Hunt’s (emeritus, children’s literature, Cardiff Univ.;
The Making of the Alice Books) concise, charming volume traces the influence of Victorian Oxford’s landmarks and prominent citizens on Lewis Carroll’s
Alice in Wonderland and
Through the Looking-Glass. Carroll (pen name of Charles Dodgson) wrote the books while lecturing in mathematics at Christ Church College and based the title character on the dean’s young daughter Alice Liddell. Examining the contents of the books and the whimsical illustrations of artist John Tenniel, Hunt identifies possible models for characters such as the White Rabbit and Mad Hatter in Carroll’s and Liddell’s Oxford contemporaries, and the originals of Wonderland locations in Oxford’s streets, quads, and architecture.

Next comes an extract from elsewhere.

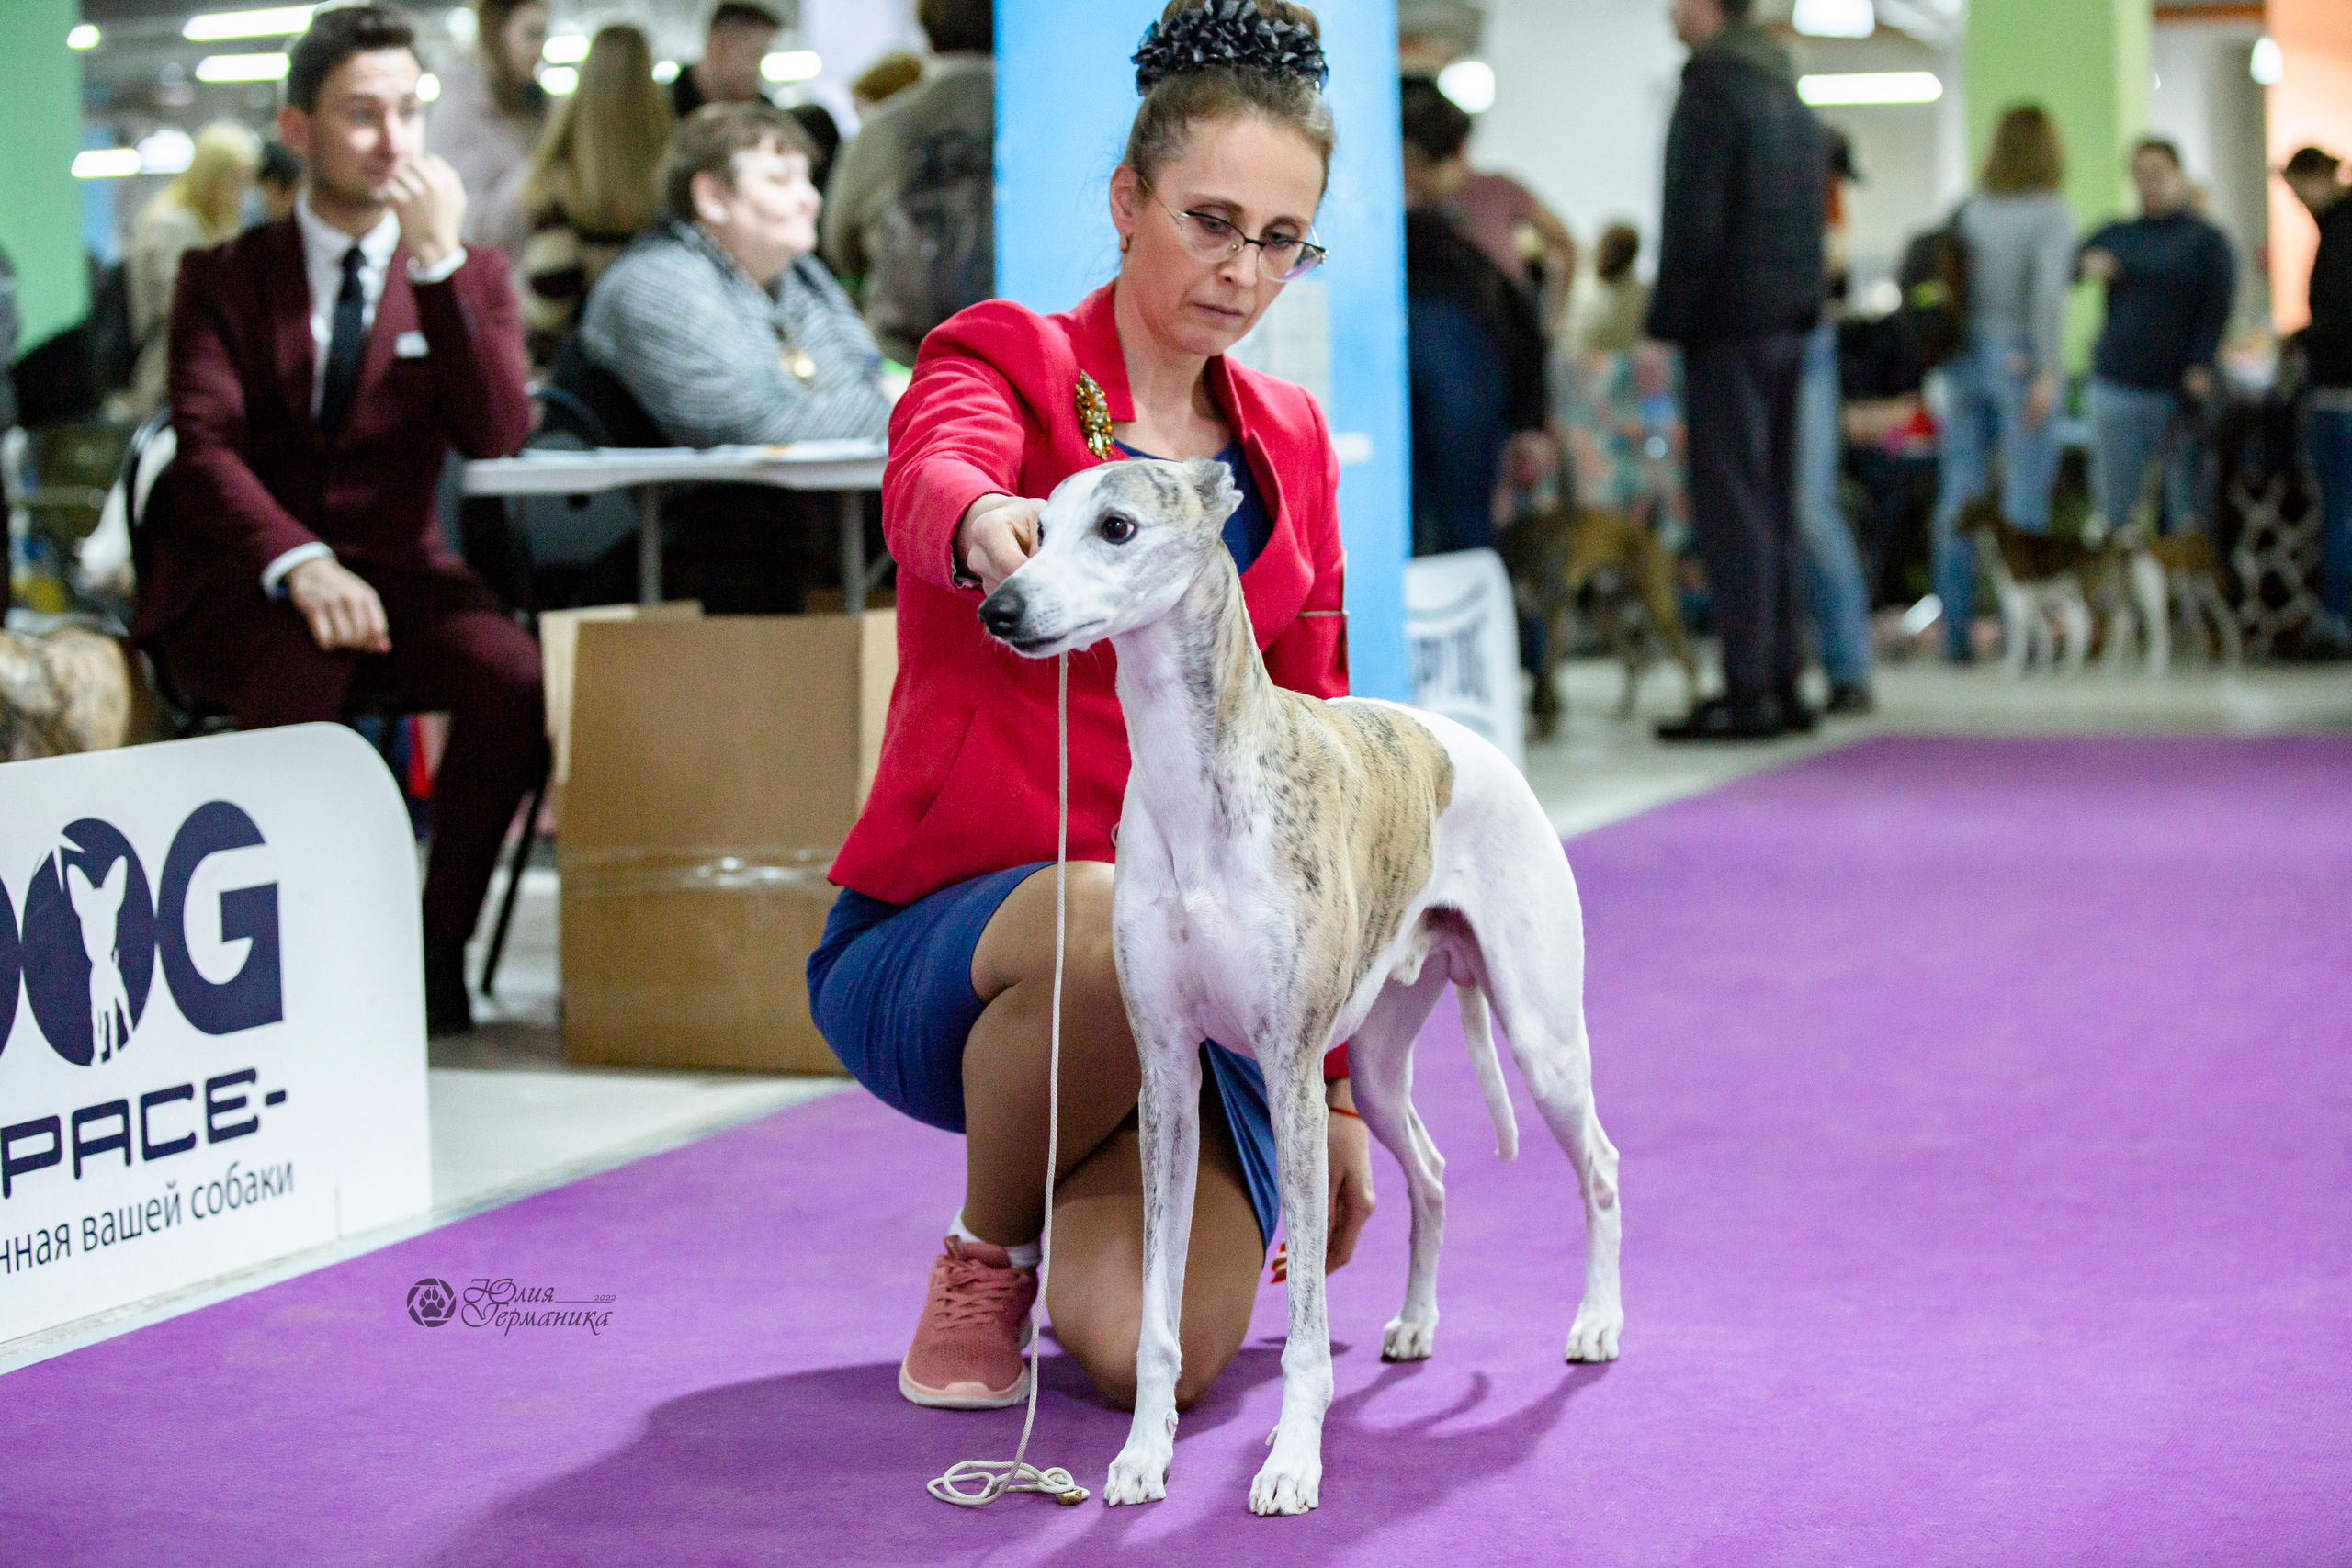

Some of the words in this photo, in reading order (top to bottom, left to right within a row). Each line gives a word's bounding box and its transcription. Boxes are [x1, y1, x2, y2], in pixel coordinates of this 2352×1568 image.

Hunt links Carroll’s mimicry of Anglo-Saxon in the “Jabberwocky” poem with the collection of Anglo-Saxon artifacts at the Ashmolean Museum and posits that the Dodo of Wonderland—a fictional stand-in for Carroll—was inspired by the dodo specimen once displayed in the Museum of Natural History. Although Hunt admits that many of these connections are pure speculation, even the flimsiest threads seem tenable given the small circle of Carroll’s society and the expanse of Carroll’s imagination.
VERDICT Fans of the Alice books will enjoy following Hunt’s travels through Oxford’s historic streets and their parallels in Wonderland.